Toplumsal farkındalık yaratmayı ve ilham veren yaşam öykülerini geniş kitlelerle buluşturmayı amaçlayan Kelebek Etkisi Konuşmaları, bu kez oyuncu Gonca Vuslateri’yi ağırladı. Geliri Saadet Öğretmen Çocuk İstismarı ile Mücadele Derneği’ne (UCİM) bağışlanan etkinlikte Vuslateri, çocukluk yıllarından başlayarak sanatla şekillenen yolculuğunu anlattı.
Asker çocuğu olarak büyüdü, sanatta kendini buldu
Asker çocuğu olduğunu ve küçük yaşlarda hep asker olmayı hayal ettiğini anlatan Gonca Vuslateri, çocukluk yıllarına ilişkin düşüncelerini dile getirdi:
Ben çok gürültülü bir evde büyüdüm. Asker çocuğuyum, annem ev hanımıydı. İkisi de çok okuyan bir karı kocaydı ama çok kavga ederlerdi. Şiddetin boyu oldukça yüksekti. Bu bir organizasyon meselesi. Mutluluğu, sevmeyi, problemleri organize ederek büyümüş biriyim."
Tiyatroya 8 yaşında adım attı
Vuslateri, kendini en doğru ifade edebildiği alanın sanat olduğunu fark etmesinin çok erken yaşlara dayandığını aktardı:
"Kendimi ifade edebileceğim en güzel ortam sanat oldu. Ailem, akmak istediğim yönle kavga eden bir aile değildi. 8 - 9 yaşlarındayken Bursa’da tiyatroya başladım. Aslında ben, hep asker olmak istedim. Babam, dedem askerdi; ailede polisler, şehitler var. Çok fazla rol model vardı.

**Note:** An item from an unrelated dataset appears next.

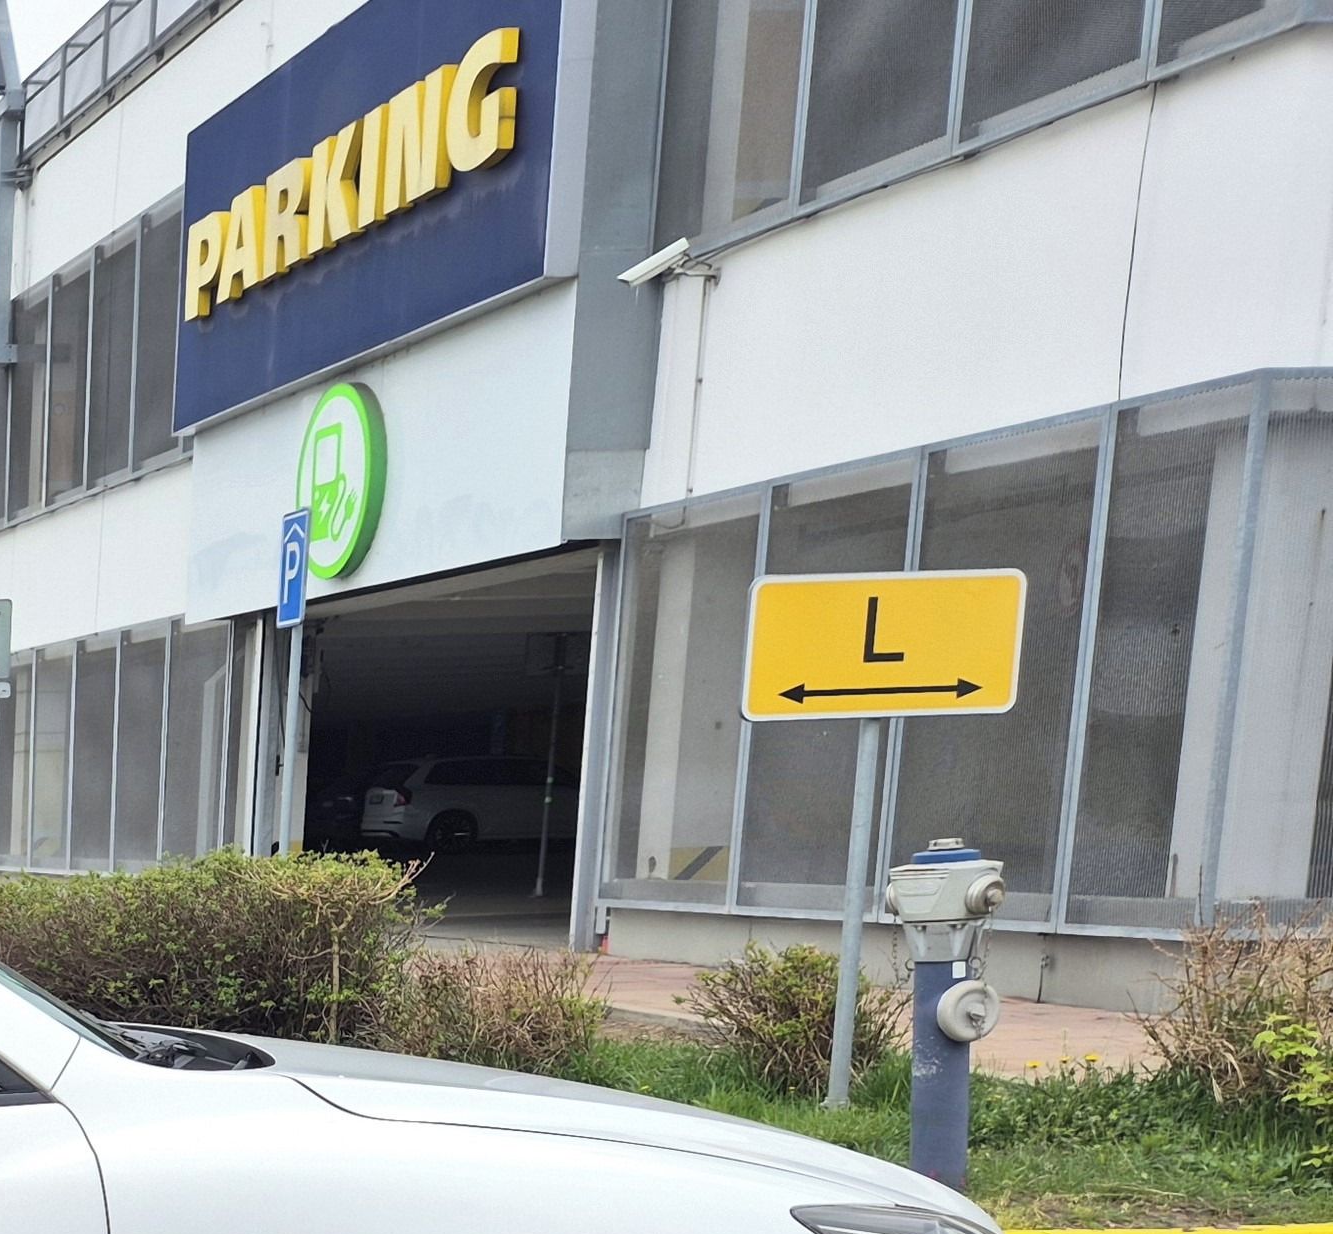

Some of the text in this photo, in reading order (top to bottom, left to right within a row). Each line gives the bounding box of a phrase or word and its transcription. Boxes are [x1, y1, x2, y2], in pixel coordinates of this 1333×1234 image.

[184, 27, 520, 322] PARKING
[283, 542, 300, 604] P
[863, 596, 904, 663] L

“Sanat benim yangın merdivenimdi”
Hayatındaki kırılma noktalarını anlatırken duygusal anlar yaşayan Gonca Vuslateri, sanatın kendisi için yalnızca bir meslek değil, hayatta kalma biçimi olduğunu ifade etti:
"Benim için sanat bir yangın merdiveniydi. Yanarak içinden geçtiğim bir yol oldu ama bana her zaman umut veren bir şeyden çok gerçeği taşıyan bir alan sundu. Ben her zaman umudu anlatan bir kadın değilim. Hayatta beni en çok tedavi eden şey gerçeğin kendisi oldu. Gerçekten bir adım saptığımda yönümü kaybediyorum"

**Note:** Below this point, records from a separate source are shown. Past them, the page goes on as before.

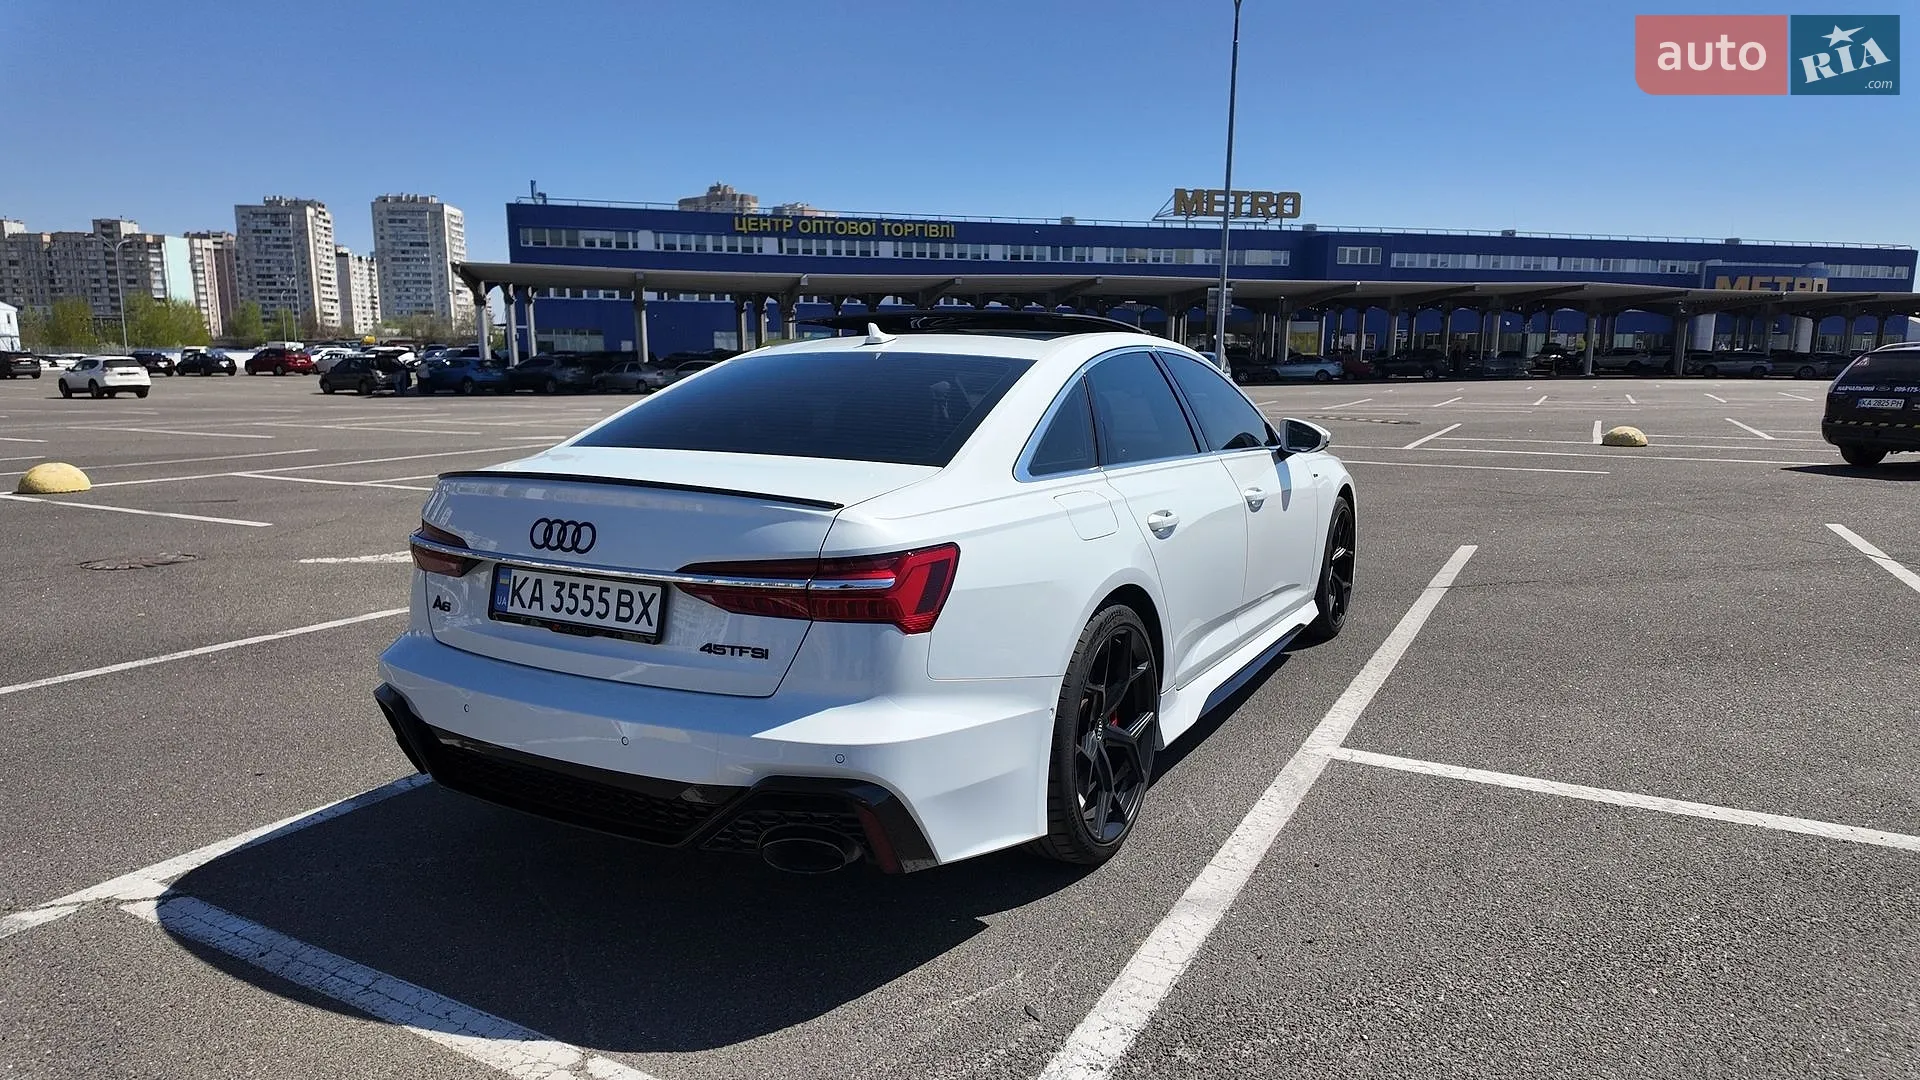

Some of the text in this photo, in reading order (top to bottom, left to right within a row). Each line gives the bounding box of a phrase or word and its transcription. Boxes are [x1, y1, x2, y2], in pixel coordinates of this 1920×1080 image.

[1174, 188, 1302, 219] METRO
[734, 216, 955, 238] ЦЕНТР ОПТОВОЇ ТОРГІВЛІ
[432, 594, 452, 612] A6
[496, 595, 507, 607] UA
[509, 576, 657, 627] KA 3555 BX
[699, 642, 769, 660] 45TFSI

Gerçeği kabullenmek en büyük umut
Konuşmasının sonunda gerçeği kabul etmenin önemine dikkat çeken Gonca Vuslateri, umudu savunurken şu sözlerle konuşmasını tamamladı:
“Ne umudu savunmak için kendimi travmatize ederim ne de mutluluk oyunu oynarım. Bundan başka bir umut düşünemiyorum. Gerçeği bilmek ve kabul etmek benim için en büyük umut.”